Delivery of these schemes will be through local authorities from early 2022 through to March 2023 and all applications need to be submitted by 4 August.
One solution local authorities and social housing professionals can use to help decarbonise their housing stock is a heat pump. And the government has recognised that. Current targets are for 600,000 heat pumps to be installed per year by 2028, increasing to one million per year by 2030.
There were 35,000 heat pumps installed in homes the UK last year – a long way off what is required. In his talk at the recent GHF, Nick Huston, Future Energy Business Manager, Daikin UK, set out the advantages of heat pumps over other technologies, and what Daikin can do to support local authorities.
So why use heat pumps? The Government is encouraging a move away from gas boilers to low carbon, renewable heating, and heat pumps are the ideal way to go. They reduce carbon emissions, lower fuel bills, reduce fuel poverty levels, and are easy to install without planning permission.
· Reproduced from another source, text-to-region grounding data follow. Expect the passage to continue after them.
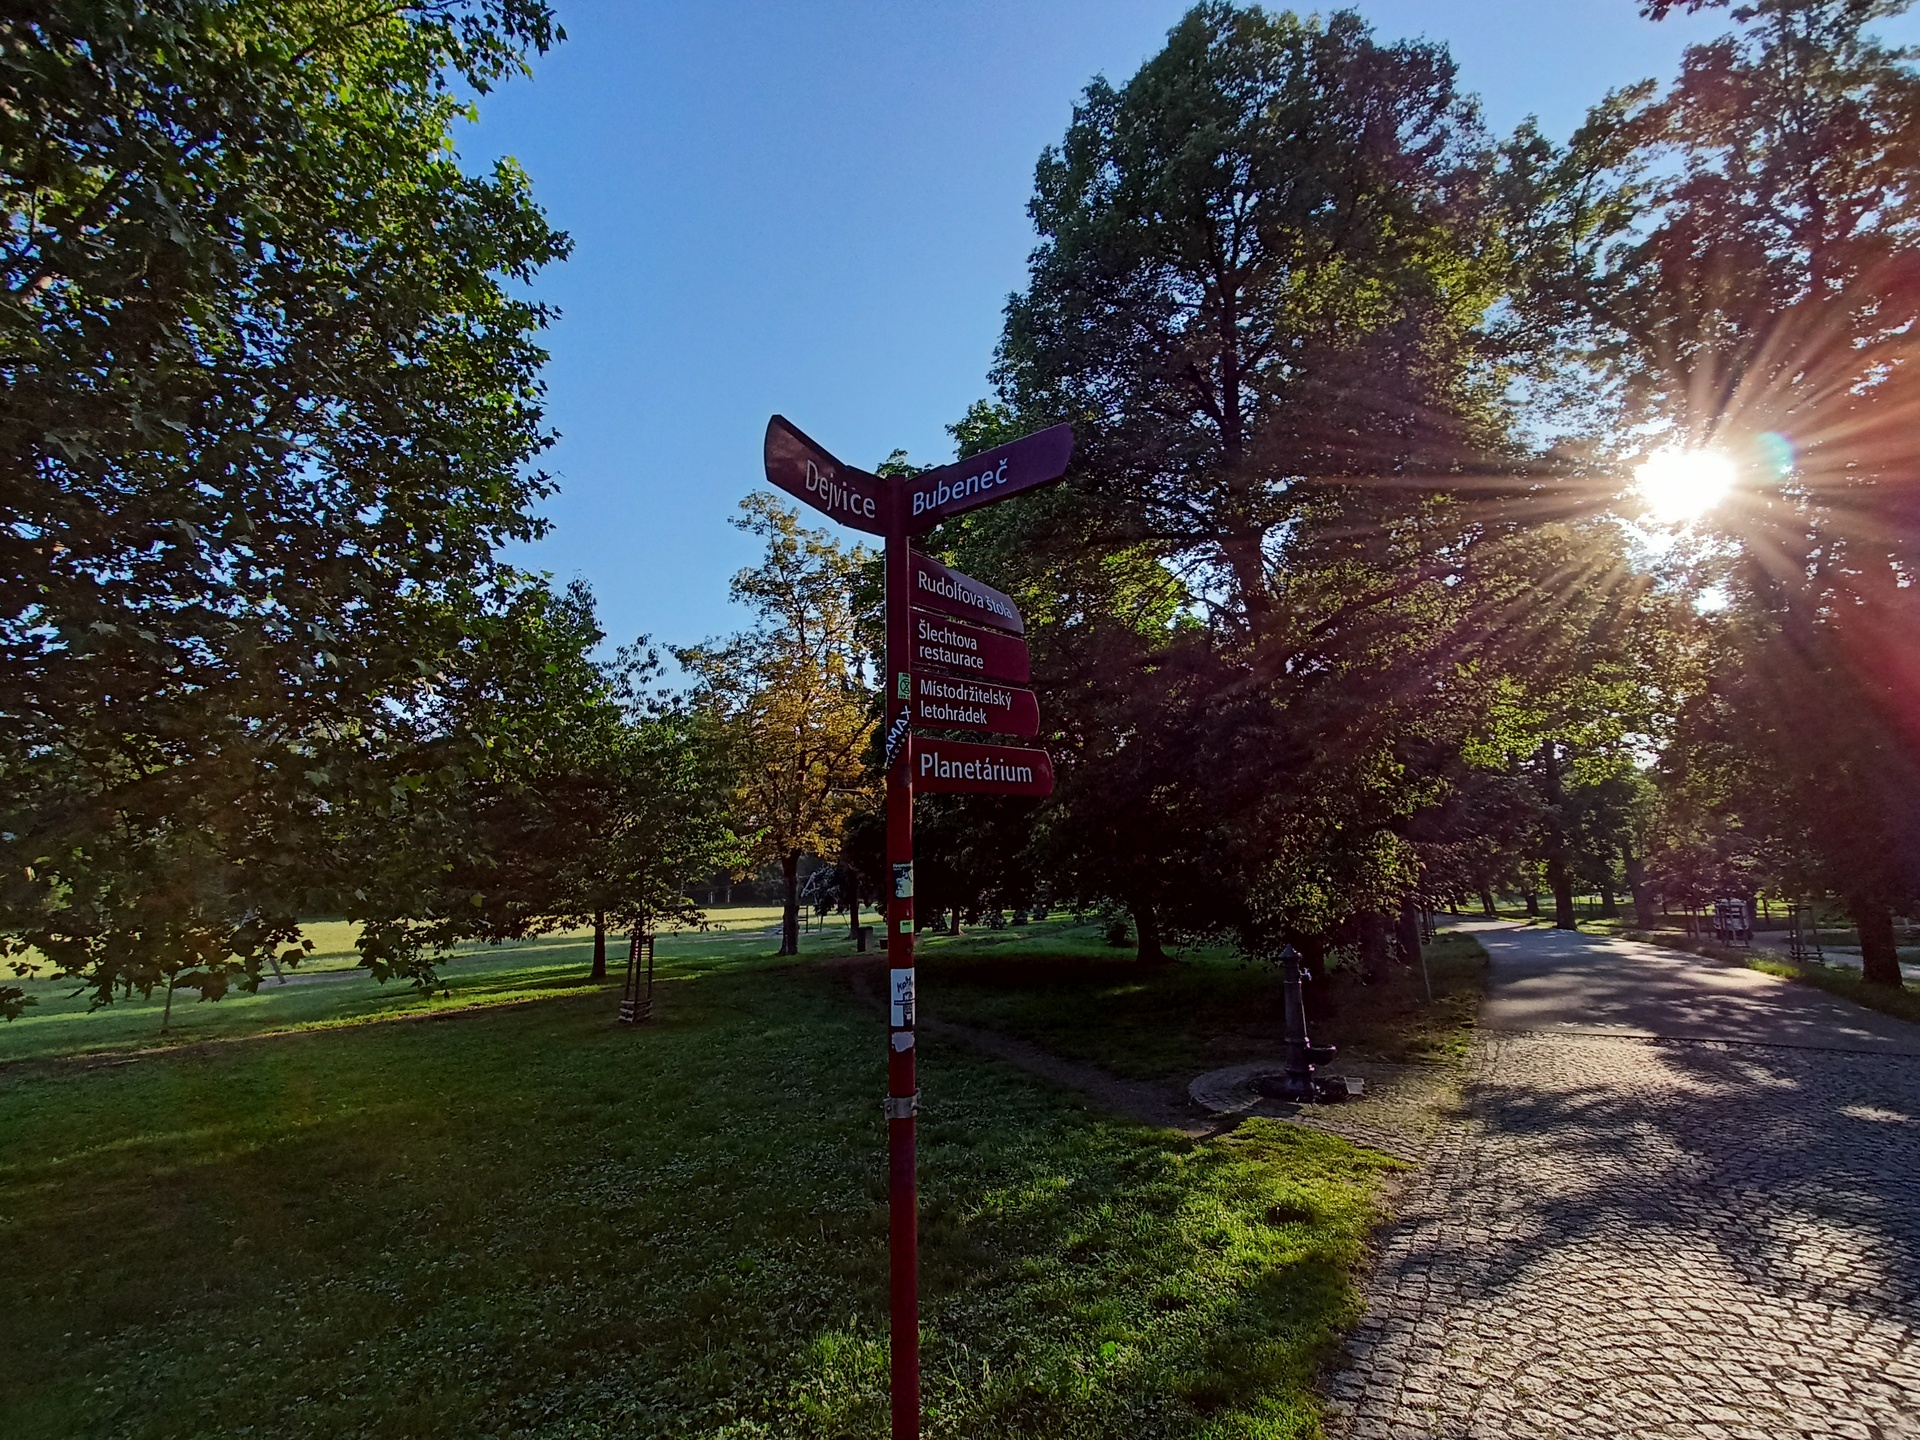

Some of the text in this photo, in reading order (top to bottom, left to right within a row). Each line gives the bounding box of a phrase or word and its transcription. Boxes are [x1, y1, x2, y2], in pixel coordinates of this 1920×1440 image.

[804, 458, 876, 519] Dejvice
[912, 458, 1009, 516] Bubeneč
[918, 570, 1013, 620] Rudolfova štola
[918, 619, 978, 650] Šlechtova
[918, 645, 984, 670] restaurace
[919, 679, 1012, 711] Místodržitelský
[920, 700, 987, 725] letohrádek
[920, 753, 1033, 783] Planetárium
They are versatile and can fit any application, and funding currently is also not a problem.
Referring to the funding opportunities Mr Barnes outlined, Mr Huston pointed out, ‘There’s an awful lot of funding around at the moment coming out of Government, which is brilliant.’ Now is the ideal time to purchase heat pumps and Daikin can provide all the support local authorities and housing providers might need, from help with determining which funding pots are best to achieve their goals, to support in identifying eligible properties, helping to prepare funding bids, recruiting installers, engaging and consulting with residents and much more.
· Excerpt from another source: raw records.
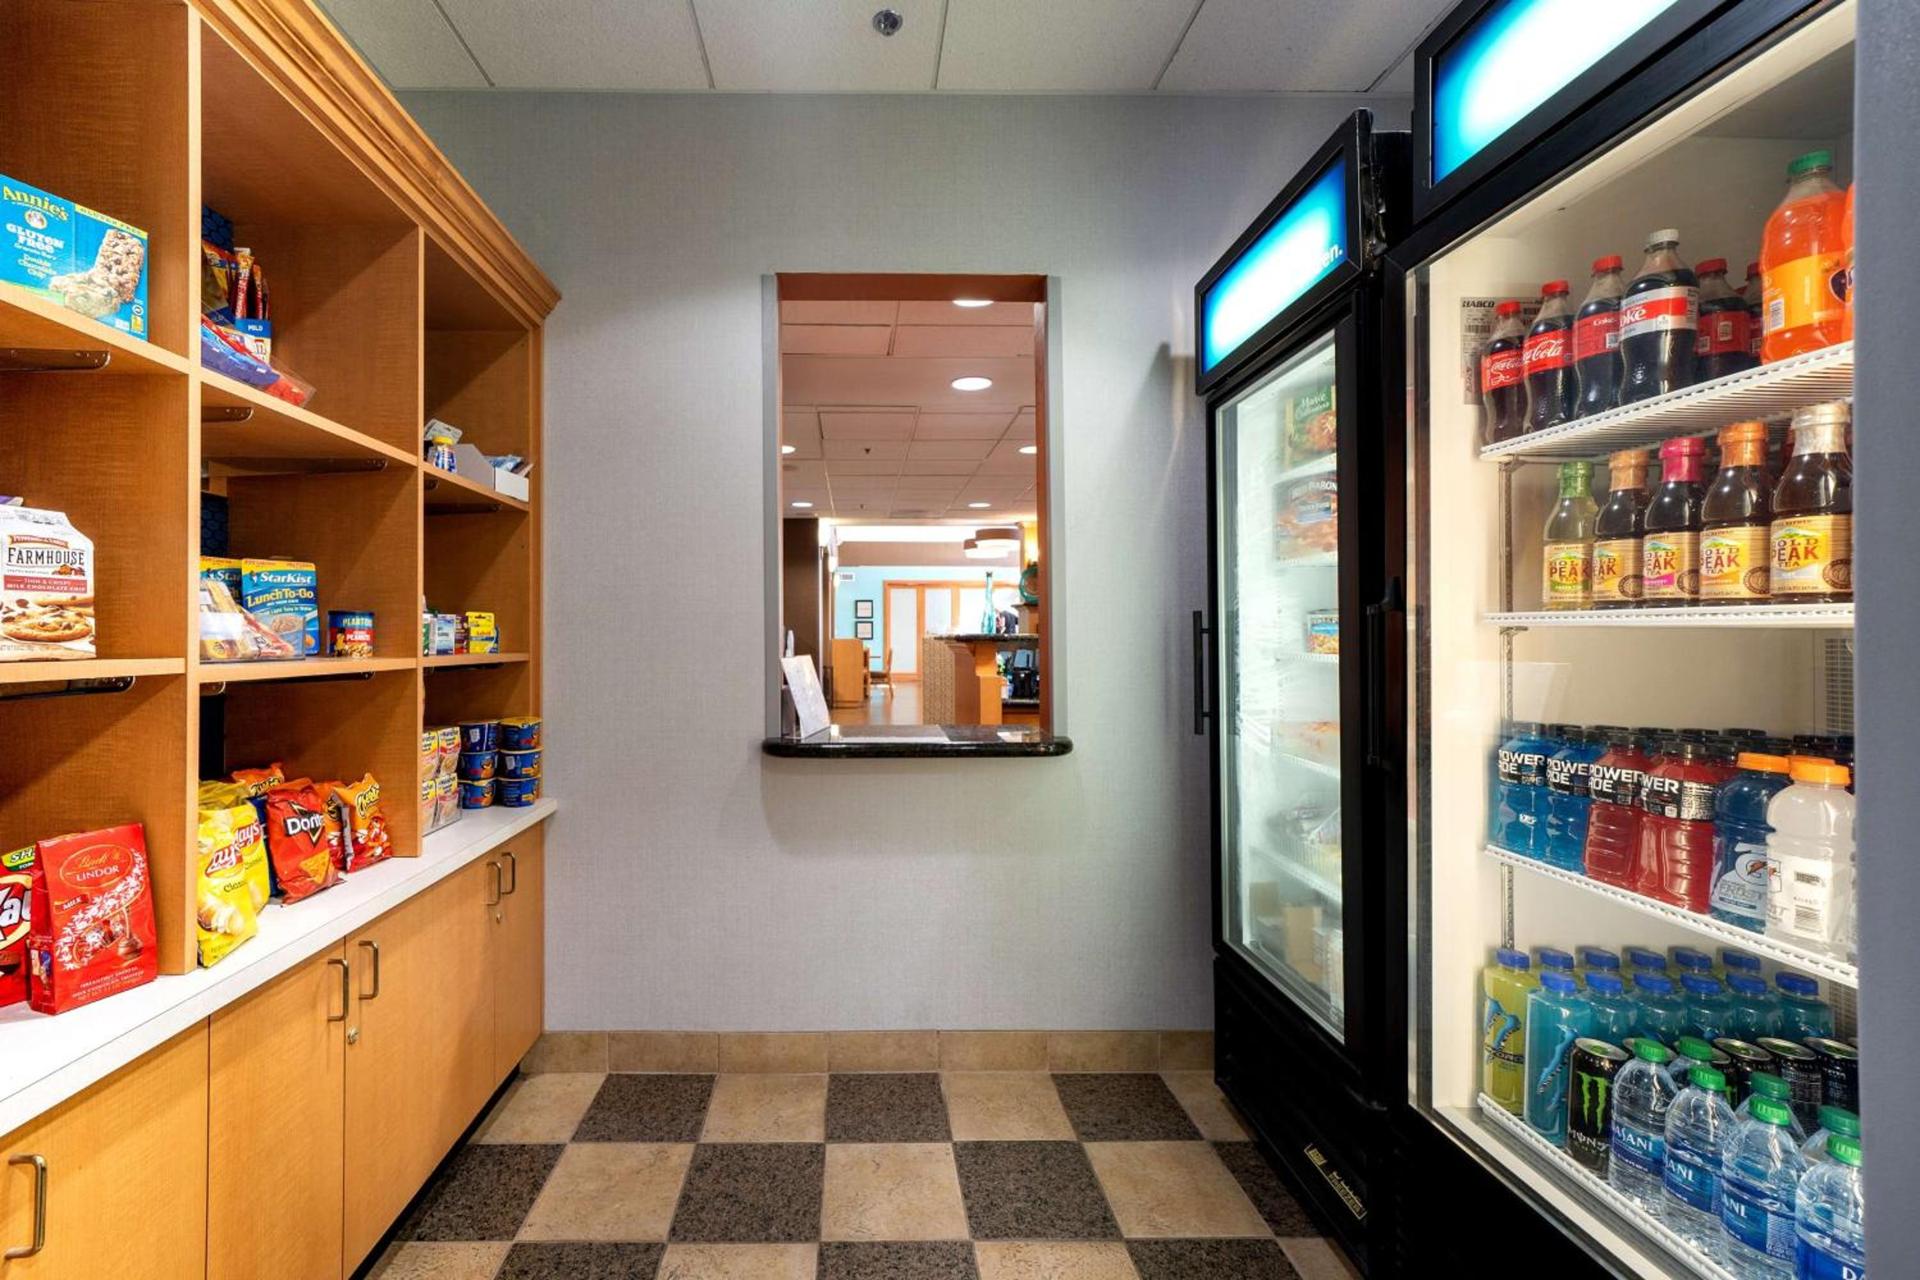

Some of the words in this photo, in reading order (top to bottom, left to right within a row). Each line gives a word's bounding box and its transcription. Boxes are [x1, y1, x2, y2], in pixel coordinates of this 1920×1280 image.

[6, 222, 65, 249] GLUTEN
[18, 233, 55, 254] FREE
[8, 547, 85, 566] FARMHOUSE
[261, 571, 312, 583] StarKist
[1549, 566, 1591, 578] PEAK
[246, 588, 283, 608] Lunch
[1499, 748, 1545, 767] OWER
[76, 865, 120, 882] LINDOR
[63, 895, 82, 911] MILK
[1613, 1125, 1653, 1152] ASANI
The energy provider E-ON can also support local authorities interested in heat pumps. The final speaker in the webinar was Ian Cartledge, E-ON’s Business Development Manager. Mr Cartledge outlined how E-ON can help with the upfront development of a heat pump scheme, though to ongoing service delivery and management. As Mr Cartledge explained, ‘From a delivery perspective, it’s a fully managed service that we offer.’